What was once a novelty is now the norm, and it's quickly become more than a little dreary. Pretty soon, even the burnt orange and tarnished gold colors of the leaves will run together into a murky brown, and there won't be any color much of anywhere. If I've learned anything from my past inability to do my homework in the same place where I spend all of my time (well, not ALL of my time) on Pinterest, it's that environment determines attitude, and as the clouds droop ever lower in the sky, so do the corners of my mouth. I'm uninspired, uninterested, unmotivated... quite frankly, as I confessed to my father a week ago, I'm stuck in the doldrums.

He told me to go back and reread this: The Phantom Tollbooth, by Norton Juster.

He had read it to my sister, The Cheerleader, and I for the first time when we were just tiny. Henceforth afterwards classified as my favorite children's book EVER, and just currently finished with celebrating its 50th Anniversary, this tale follows the travels of a regular boy named Milo - who was none too motivated or inspired himself -through a mysterious tollbooth into a fantastical world full of witty puns, tremendous wordplay, and important lessons, in the hopes of rescuing the beautiful princesses, Sweet Rhyme and Pure Reason. It was a hit when it was first published back in 1961, (and not so much a hit when it was made into a film about a decade later) and has gained comparisons to the likes of fantasy counterpart Alice in Wonderland, while proving itself to be just as durable, having been credited as the NPR Kid's Club Book Pick in 2011.

The most terrifying moment, for me, always happened within the first 30 pages: Milo, having breezed through the bright, colorful, cheery land of Expectations already, relaxes and lazes, simply enjoying the scenery, never knowing that he missed his turn, until his car sputters and stops in... the Doldrums.

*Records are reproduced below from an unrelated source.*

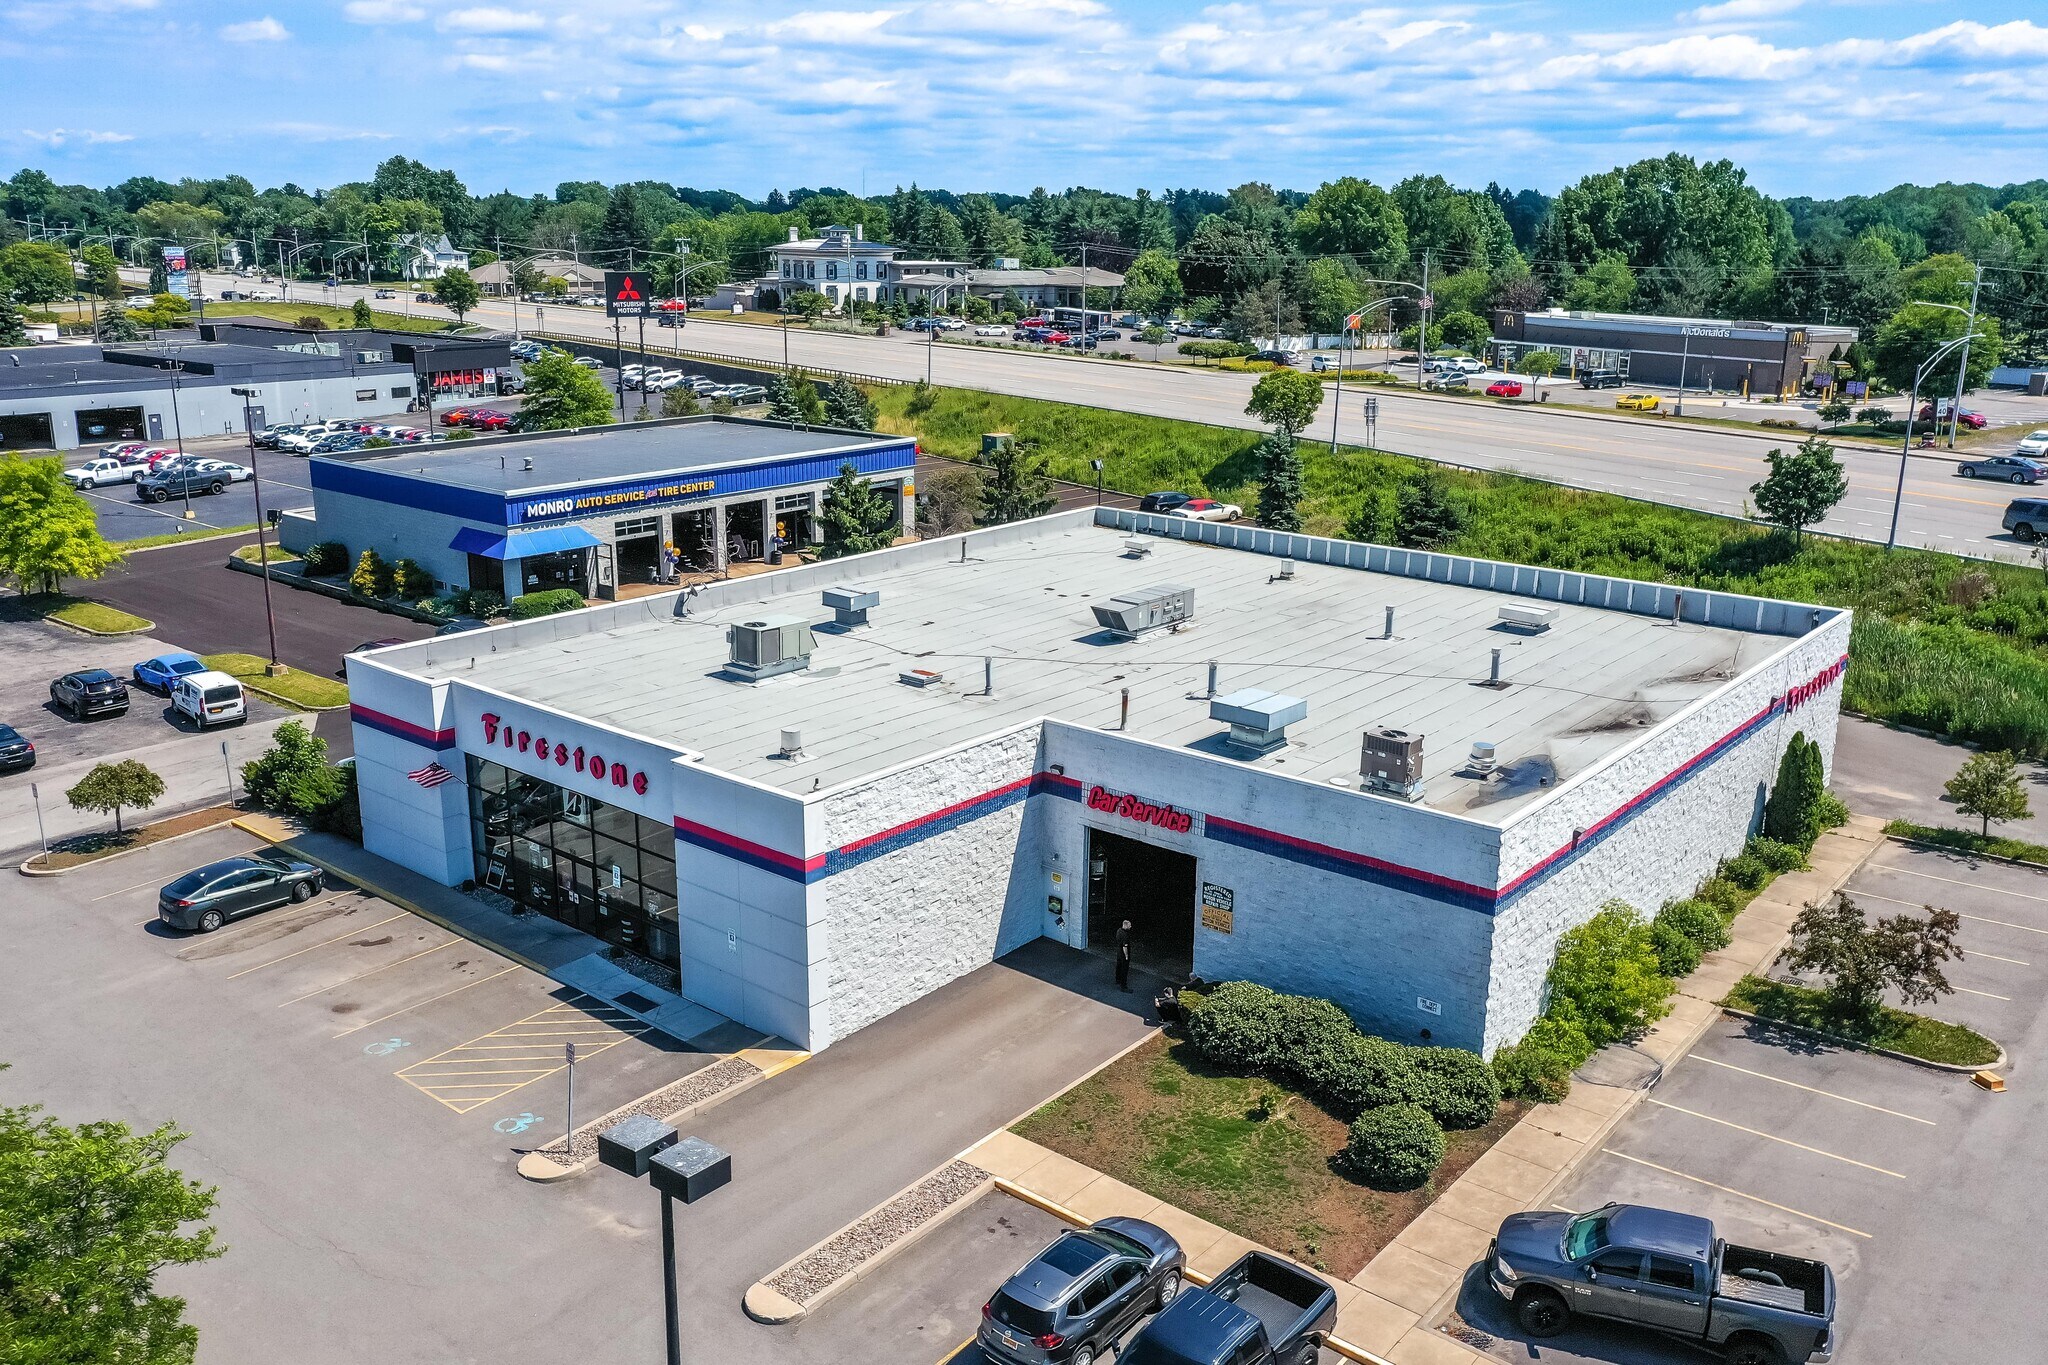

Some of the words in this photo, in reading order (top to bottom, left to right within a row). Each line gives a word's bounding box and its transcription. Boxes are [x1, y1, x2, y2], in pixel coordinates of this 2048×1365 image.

[1681, 327, 1730, 338] McDonald's
[433, 369, 484, 387] JAMES
[527, 499, 574, 518] MONRO
[575, 497, 603, 509] AUTO
[604, 490, 645, 506] SERVICE
[658, 486, 679, 497] TIRE
[680, 480, 715, 494] CENTER
[481, 713, 648, 795] Firestone
[1087, 786, 1119, 813] Car
[1119, 795, 1192, 833] Service
[1203, 885, 1232, 899] REGISTERED
[1204, 909, 1231, 921] OFFICIAL

Home to the Lethargarians, a boring bunch whose only daily objectives are to relax and daze - as well as daydream, procrastinate, nap and sleep, and deem it illegal to smile or think - the Doldrums are inescapable to those who enter, as they fall into the ways of the Lethargarians as well. Thankfully, Milo is saved by Tock, the watchdog (my favorite character), who gives him the secret to restarting his car and escaping the Doldrums: to think. And so, Milo thought of "birds that swim and fish that fly," "yesterday's lunch and tomorrow's dinner," "words that began with J and numbers that end in 3," and "as he thought, the wheels began to turn."
As it turns out, The Phantom Tollbooth was my key to escaping the Doldrums as well.

A visit back to my childhood was exactly what I needed. Get caught up in day-to-day life, where the only objective is to get done with that which is required from you the most immediately, and strive for nothing exceeding expectations, is not the right way to live. I needed that harrowing trip back to the Mountains of Ignorance, and to regain the inner sight necessary to see those same demons who have been hounding me since senioritis kicked in back in the Spring: the Hopping Hindsight, who only moves forward based on what's behind him; the Gross Exaggeration, and his beastly buddy, the Know-It-All;  the long-nosed, green-eyed, curly-haired, wide-mouthed, thick-necked, broad-shouldered, round-bodied, short-armed, bowlegged, big-footed demon... of insincerity, who really isn't any of those things he says he is. Most frightening to me, was a flimsy creature, simply riding on the backs of others, and not really proving substantial in anything but his victims: the Threadbare Excuse, the same demon that's been riding on my shoulder since I contracted a minor sinus infection a couple of weeks ago.

The Phantom Tollbooth has ties to my childhood, and therefore, my heart, and was exactly the kind of intelligent and lightly moralizing thing I needed to get me going again. And speaking of going, it's time for English class again.